The goal is to restate all of the records below word for word.

[Records from a data collection]
======

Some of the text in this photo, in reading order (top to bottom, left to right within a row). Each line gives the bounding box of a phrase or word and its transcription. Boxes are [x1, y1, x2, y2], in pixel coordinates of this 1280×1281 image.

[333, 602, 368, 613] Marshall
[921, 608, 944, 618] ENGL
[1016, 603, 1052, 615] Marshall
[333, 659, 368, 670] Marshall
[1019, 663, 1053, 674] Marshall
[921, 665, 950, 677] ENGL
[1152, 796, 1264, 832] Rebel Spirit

======

## Result below
Some of the text in this photo, in reading order (top to bottom, left to right within a row). Each line gives the bounding box of a phrase or word and its transcription. Boxes are [x1, y1, x2, y2], in pixel coordinates of this 1280×1281 image.

[333, 602, 368, 613] Marshall
[921, 608, 944, 618] ENGL
[1016, 603, 1052, 615] Marshall
[333, 659, 368, 670] Marshall
[1019, 663, 1053, 674] Marshall
[921, 665, 950, 677] ENGL
[1152, 796, 1264, 832] Rebel Spirit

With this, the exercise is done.